The key use cases will be eliminating manual activities, reducing the risk of missing steps in the deployment. The other thing is to speed up deployment, because the previous way of working was having someone to document the steps, someone to review the steps, and then at the end of the day, someone had to execute those steps within that window.
So far, it has performed well, at least from the "repeatable" perspective. All deployments are repeatable, so when we have issues with deployment, it gives us the opportunity to review and to know where the issues came from. If it is working now and was not working previously, we usually know where it fails.
I think on a day-to-day basis, it has increased the capacity to deploy. We don't have to wait for someone to do something. As long as it changes, then we can always deploy to an environment on demand.
I would say the traceability part of it. With this feature, I know which environment is running what. Which version of the binaries; that is key because then we know what to fix.
I think I spoke about this to them. The key thing is support for cloud-based deployment. That is lacking. Today, the whole world is looking at cloud deployment, running a cloud application. But it doesn't seem this platform will have that feature any time soon.

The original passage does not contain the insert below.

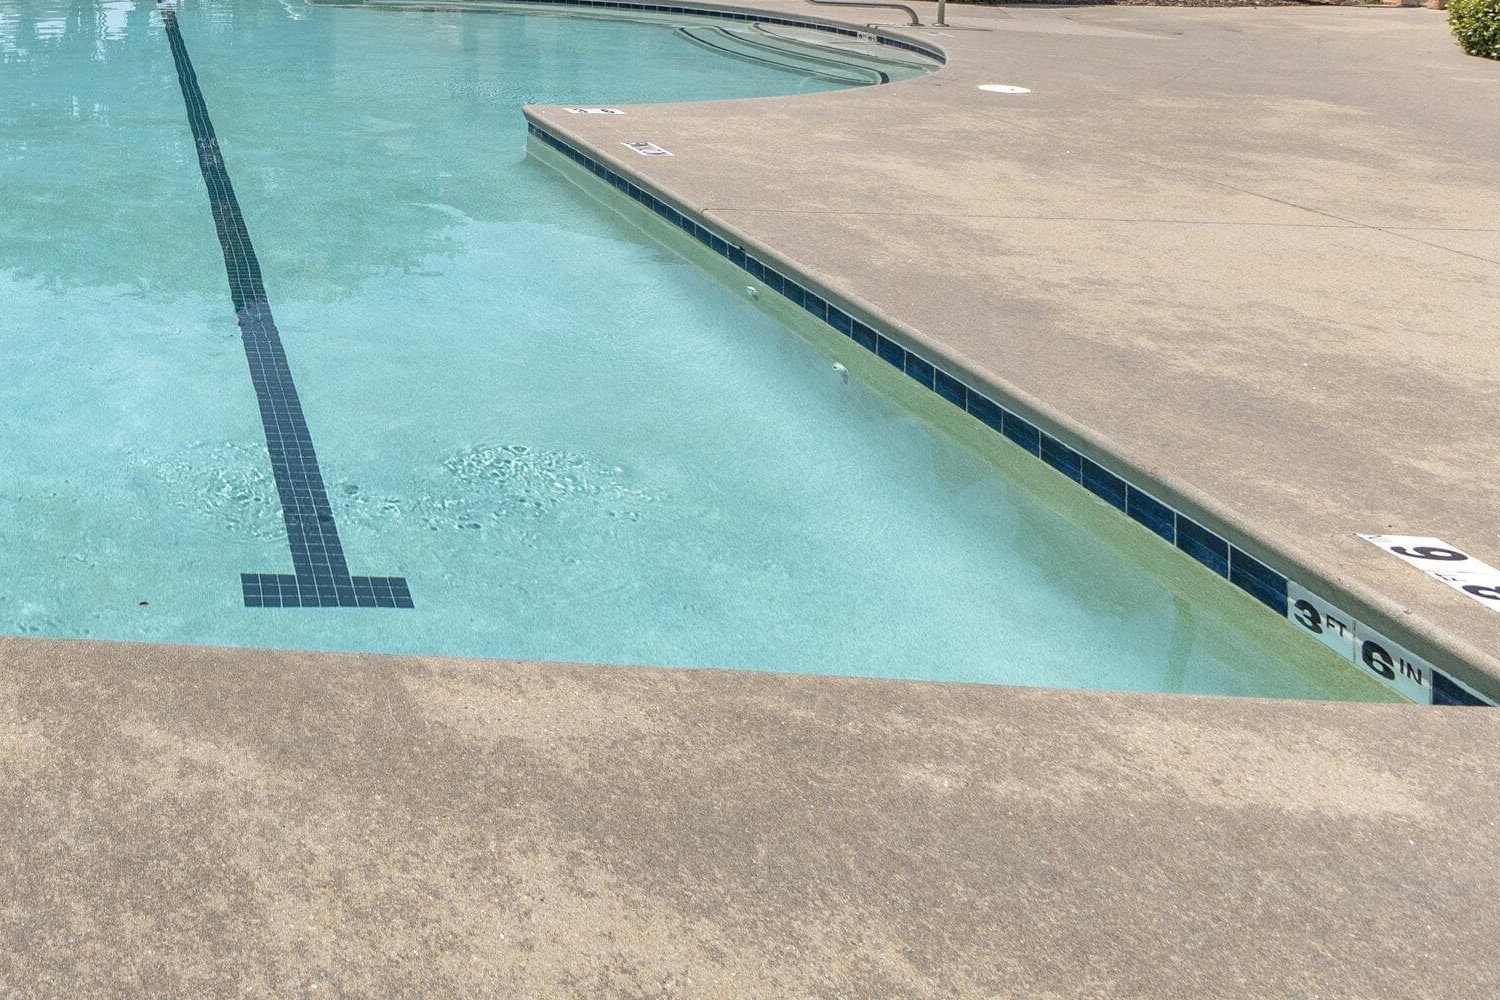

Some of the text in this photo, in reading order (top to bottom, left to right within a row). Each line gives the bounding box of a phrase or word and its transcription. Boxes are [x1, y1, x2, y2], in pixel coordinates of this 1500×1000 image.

Stability-wise I think it still needs to be improved; performance-wise. It crashes from time to time. Sometimes it just hangs and requires a restart. Upgrades, depending on the versions, can be tedious and risky. We recently had a problem with one of the version upgrades, and the platform was down for a day. That wasn't a very pleasant experience.
I think scalability-wise it is proven. We are running a significant number of end points. I think other customers have run larger number of nodes as well. The scalability should be okay.

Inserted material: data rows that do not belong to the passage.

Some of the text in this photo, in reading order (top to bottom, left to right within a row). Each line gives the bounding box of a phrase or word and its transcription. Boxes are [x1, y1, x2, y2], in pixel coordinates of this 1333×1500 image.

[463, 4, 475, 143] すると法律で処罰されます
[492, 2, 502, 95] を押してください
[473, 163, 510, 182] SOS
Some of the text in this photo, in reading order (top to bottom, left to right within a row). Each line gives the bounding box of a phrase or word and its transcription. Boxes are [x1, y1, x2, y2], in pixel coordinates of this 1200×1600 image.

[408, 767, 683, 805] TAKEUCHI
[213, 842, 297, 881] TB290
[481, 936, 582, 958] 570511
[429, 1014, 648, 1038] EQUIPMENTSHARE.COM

I use it all the time. The level of response is very specific to the individual that answers the call. Some are knowledgeable. But there are times that we are left on our own. The response time itself, overall is okay.
Initial setup is definitely easy. But when it comes to growing, the system becomes a bit more complicated. You want to have that HA capability, then you have to have redundancy in terms of connecting the different nodes, and you have to test that. Sometimes nodes don't seem to talk to each other. That's a problem.

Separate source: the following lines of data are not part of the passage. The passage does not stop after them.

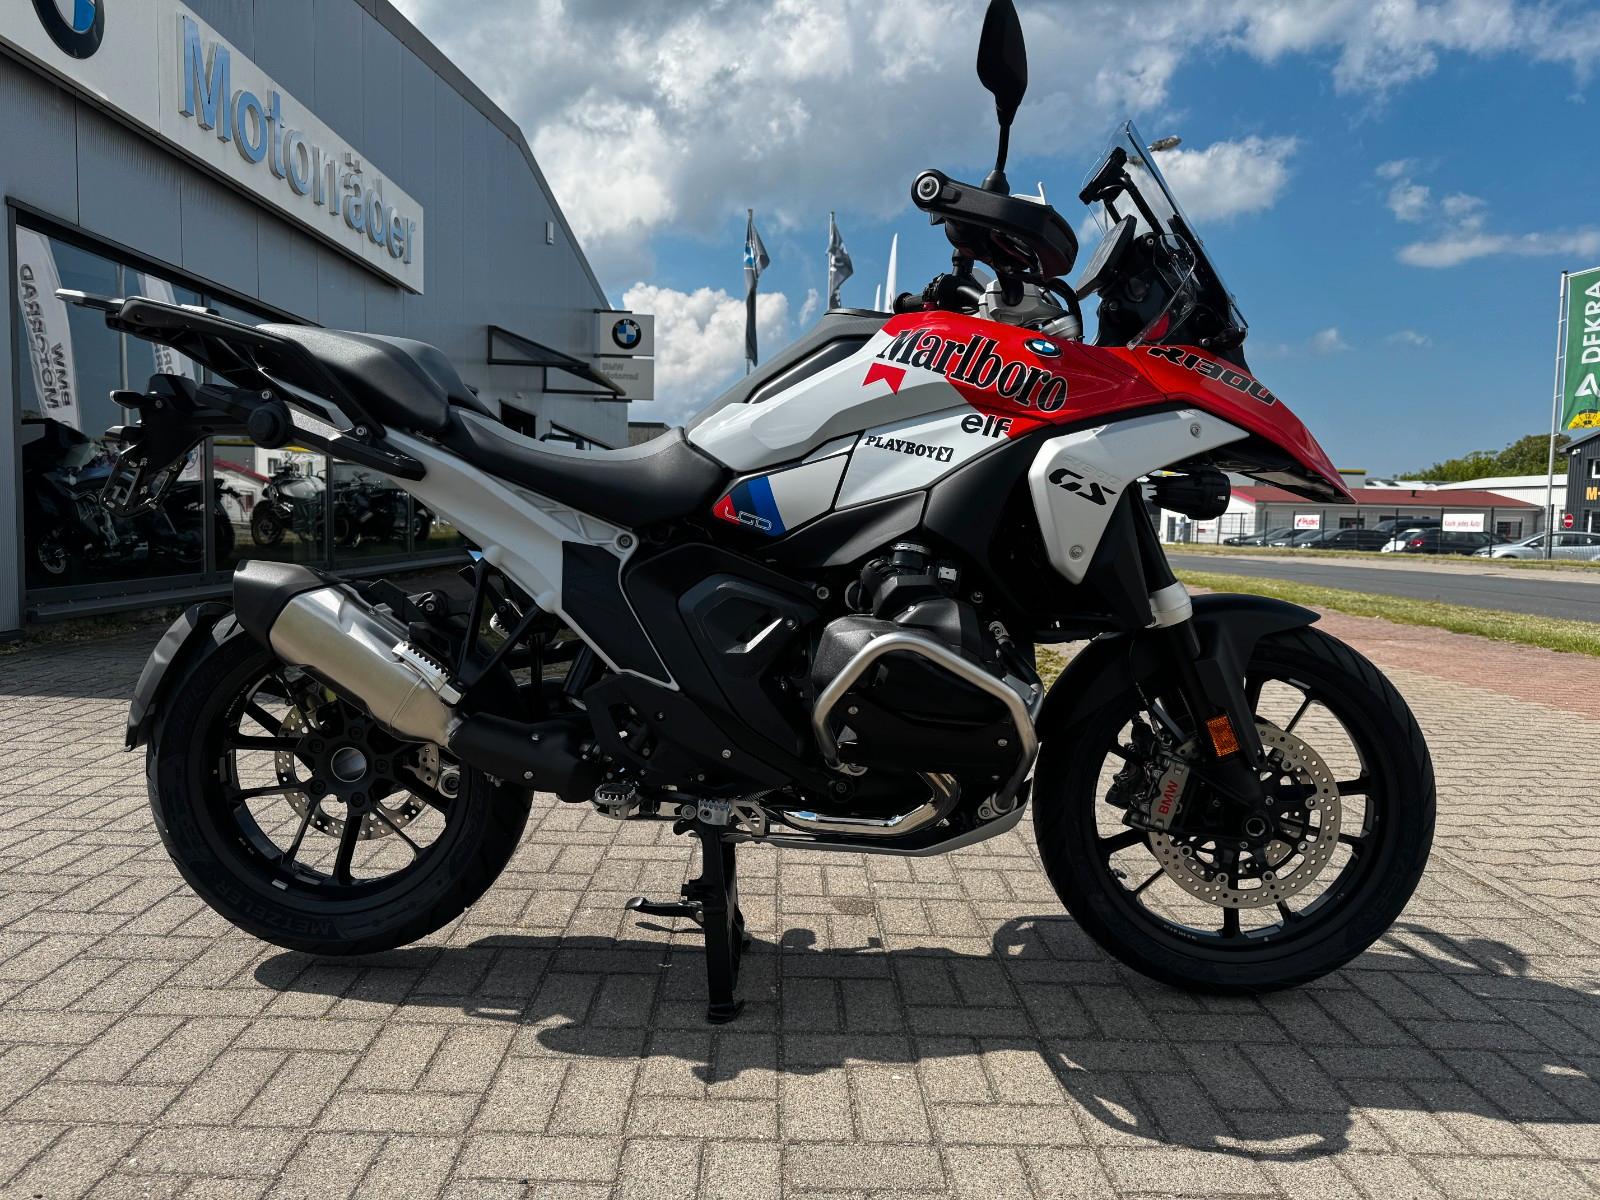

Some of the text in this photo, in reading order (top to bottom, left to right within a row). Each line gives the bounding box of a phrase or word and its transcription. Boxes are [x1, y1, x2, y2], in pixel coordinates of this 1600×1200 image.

[176, 12, 416, 265] Motorräder
[876, 327, 1068, 413] Marlboro
[960, 413, 1013, 439] elf
[865, 435, 940, 460] PLAYBOY
[1048, 468, 1117, 506] GS
[1158, 780, 1178, 815] BMW

At this point in time we are not investing more because we already bought upfront. We are taking a wait-and-see attitude because, if the maturity of the platform plateaus, meaning we don't have new features, we might decide to move on.
When we are looking for a new vendor, what is important to us is ease of migration. The other factor is the the currency of the platform, how current is it in terms of alignment to the market we are in.
I give it an eight out of 10 because it does about 60-70 percent of the work. What it does, if it's done correctly, it does well.
I would advise a colleague who is considering this type of solution to look out for the fact it doesn't support the new stuff. But if you're looking for solutions that are based on your existing, traditional infrastructure, I think that's good tool.